Council adopted midyear budget updates including MOU-driven salary and benefit increases, reallocation of ARPA carryover to the access center, a recommended pension-stabilization policy change to 70% and several capital and personnel adjustments.

The Lodi City Council on Feb. 4 approved midyear changes to the city’s fiscal-year 2025–26 budget, including staff recommendations to adjust appropriations and personnel classifications to reflect negotiated and anticipated MOU salary and benefit changes.

Budget staff presented the midyear report, noting the fiscal year runs July 1, 2025–June 30, 2026. Key items included a $5.1 million ARPA carryover (largely tied to the Access Center project), an estimated $2.9 million increase in general fund expenditures (about $2.4 million of which staff attributed to MOU salary/benefit changes and projections for unsigned MOUs), and updated revenue projections that partially offset expense increases (including $1.3 million of higher-than‑expected interest income). Staff presented proposed updates to the city’s budget and fiscal policy, recommending a pension-stabilization funding base of 70% of combined liability (down from the existing 80% target) to free funds for operational needs.

The presentation included a breakdown of department-level impacts: police overtime and a new community liaison officer; fire academy costs and paramedic training grant changes (AFG); public-works repairs; and changes to enterprise funds (electric, water, wastewater) driven by usage, low-carbon fuel standard receipts and development impact fees. Staff also sought council approval to reclassify several positions (for example, reclassifying an assistant city clerk and creating a senior plans examiner) and to add positions funded in the midyear adjustments (one police officer, one senior billing specialist, net personnel additions across funds).

Council questioned the status of ARPA and other reimbursements and asked the county representative about grant timing and reporting.
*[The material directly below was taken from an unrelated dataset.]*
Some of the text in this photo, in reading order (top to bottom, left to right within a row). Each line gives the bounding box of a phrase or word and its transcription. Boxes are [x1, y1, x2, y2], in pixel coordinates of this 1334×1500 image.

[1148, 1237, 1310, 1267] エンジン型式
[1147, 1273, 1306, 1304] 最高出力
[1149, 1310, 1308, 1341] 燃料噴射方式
County Health Director Genevieve Valentine explained the requirements for ARPA and bridge-housing dollars and cautioned that certain federal and state infrastructure dollars carry operating-duration obligations; she emphasized that some funds (county ARPA reimbursement buckets and bridge-housing grants) require operations to be maintained for a specified period to avoid clawback.

Council members also discussed reserve levels, pension trust balances and investment management. Staff reported a combined PERS/PARS funding ratio (as of 12/31/2025) of about 71.3%, slightly above the proposed 70% policy target, and projected modest drawdowns beginning in FY2027–28 under the recommended approach. Council asked for a more detailed quarterly investment report, which staff said would be provided.
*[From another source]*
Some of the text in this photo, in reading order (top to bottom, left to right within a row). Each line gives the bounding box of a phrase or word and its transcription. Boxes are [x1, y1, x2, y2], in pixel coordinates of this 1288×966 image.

After discussion and follow-up clarifications, a motion to adopt the budget and fiscal policy updates, to adjust appropriations across funds and to approve the personnel recommendations passed by council vote. Staff will implement the approved midyear appropriations and return any required follow-up items for council consideration as they finalize contracts and staffing actions.

The action authorizes midyear appropriations and policy updates but does not substitute for separate council approval of future contracts or large capital expenditures outside the scope of the approved midyear adjustments.